Taxpayers, who ultimately pick up the tab for every bill Congress passes, deserve greater accountability than they have recently been provided with. From the way the “stimulus” package was passed to the way healthcare negotiations are currently being led behind closed doors – taxpayers deserve better, especially from a Senate Leader who once pledged: “No longer can we allow special interests and lawmakers to conspire behind closed doors. We need transparency.”

The attempt to pass the ten-year “doc fix” bill without spending cut offset was yet another attempt to obfuscate the real cost of the healthcare overhaul you and your colleagues are seeking. But the time for shenanigans is over.

On behalf of taxpayers, we urge you to make the full text of the merged health bill along with the final CBO score for this merged version available for public review at your earliest convenience, and for a minimum of five full consecutive days (excluding weekends and holidays) in a searchable form before moving the bill further.
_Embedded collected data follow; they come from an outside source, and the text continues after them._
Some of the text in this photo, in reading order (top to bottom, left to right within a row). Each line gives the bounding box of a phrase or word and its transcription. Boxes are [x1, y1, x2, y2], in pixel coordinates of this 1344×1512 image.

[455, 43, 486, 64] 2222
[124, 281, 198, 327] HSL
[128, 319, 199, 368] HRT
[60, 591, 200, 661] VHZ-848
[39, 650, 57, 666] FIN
Given the impact federal legislation has on all American taxpayers, a preliminary score of the health bill would simply not be good enough. Congress should take its time to weigh all its decisions carefully, while seeking more input from the public, who should be given the opportunity to partake in political discourse.
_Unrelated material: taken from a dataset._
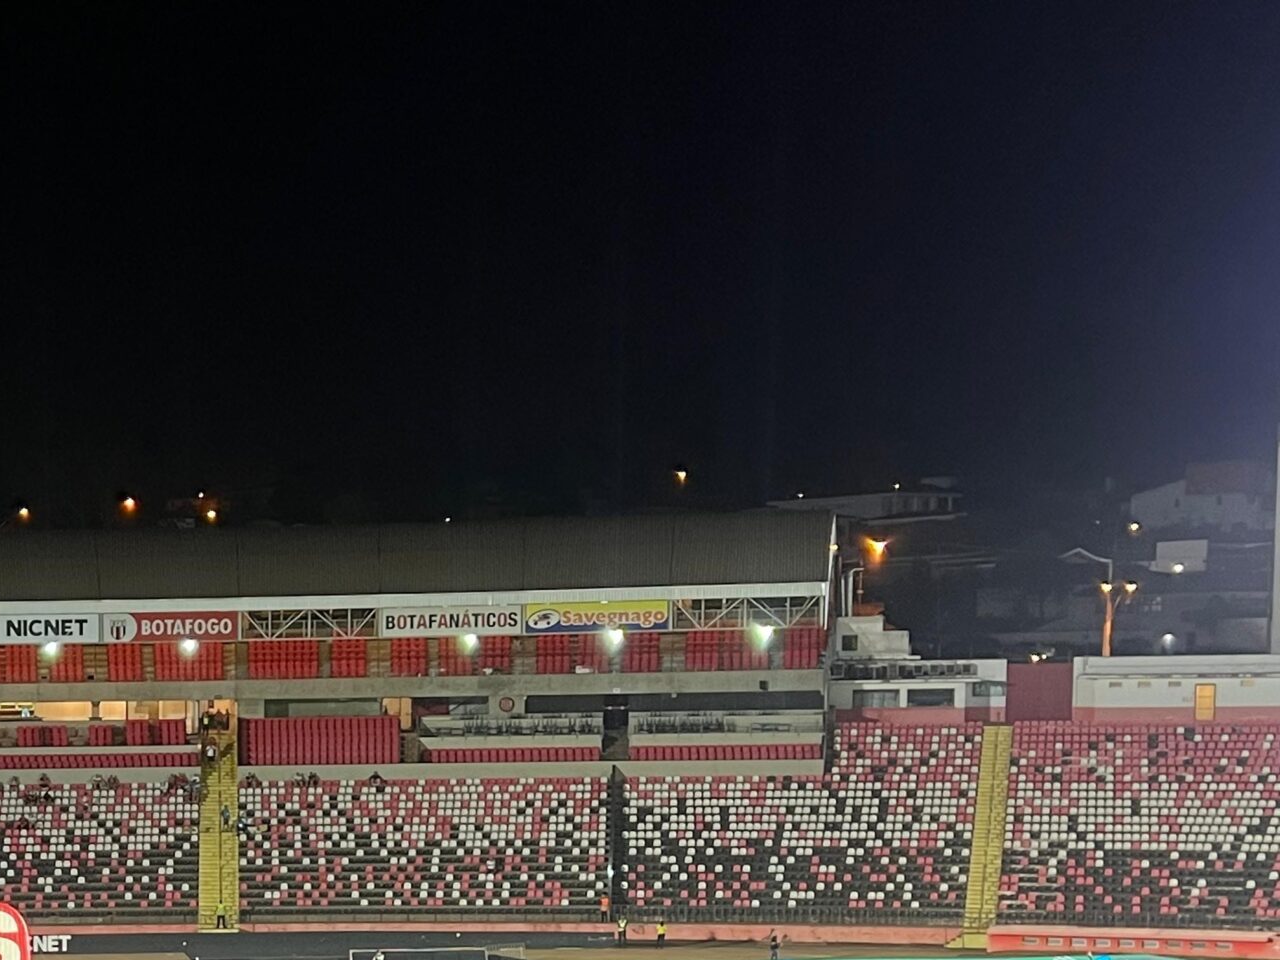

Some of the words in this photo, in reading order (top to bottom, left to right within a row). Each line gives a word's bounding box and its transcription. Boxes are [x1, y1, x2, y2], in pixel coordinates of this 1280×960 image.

[6, 618, 89, 637] NICNET
[141, 618, 233, 636] BOTAFOGO
[385, 609, 519, 631] BOTAFANÁTICOS
[559, 609, 667, 629] Savegnago
Says ATR president Grover Norquist:

It is time that Congressional leadership finally puts its money where its mouth is. Sen. Reid would be well advised to listen to the American people who are becoming increasingly disaffected by the way they’re being kept in the dark about the real cost of this overhaul. Really, given the scope of this package, asking for a month to scrutinize the bill and all its consequences would not be asking too much. Certainly, Congress should be able to spare a week or two for something of this magnitude. Taxpayers deserve no less.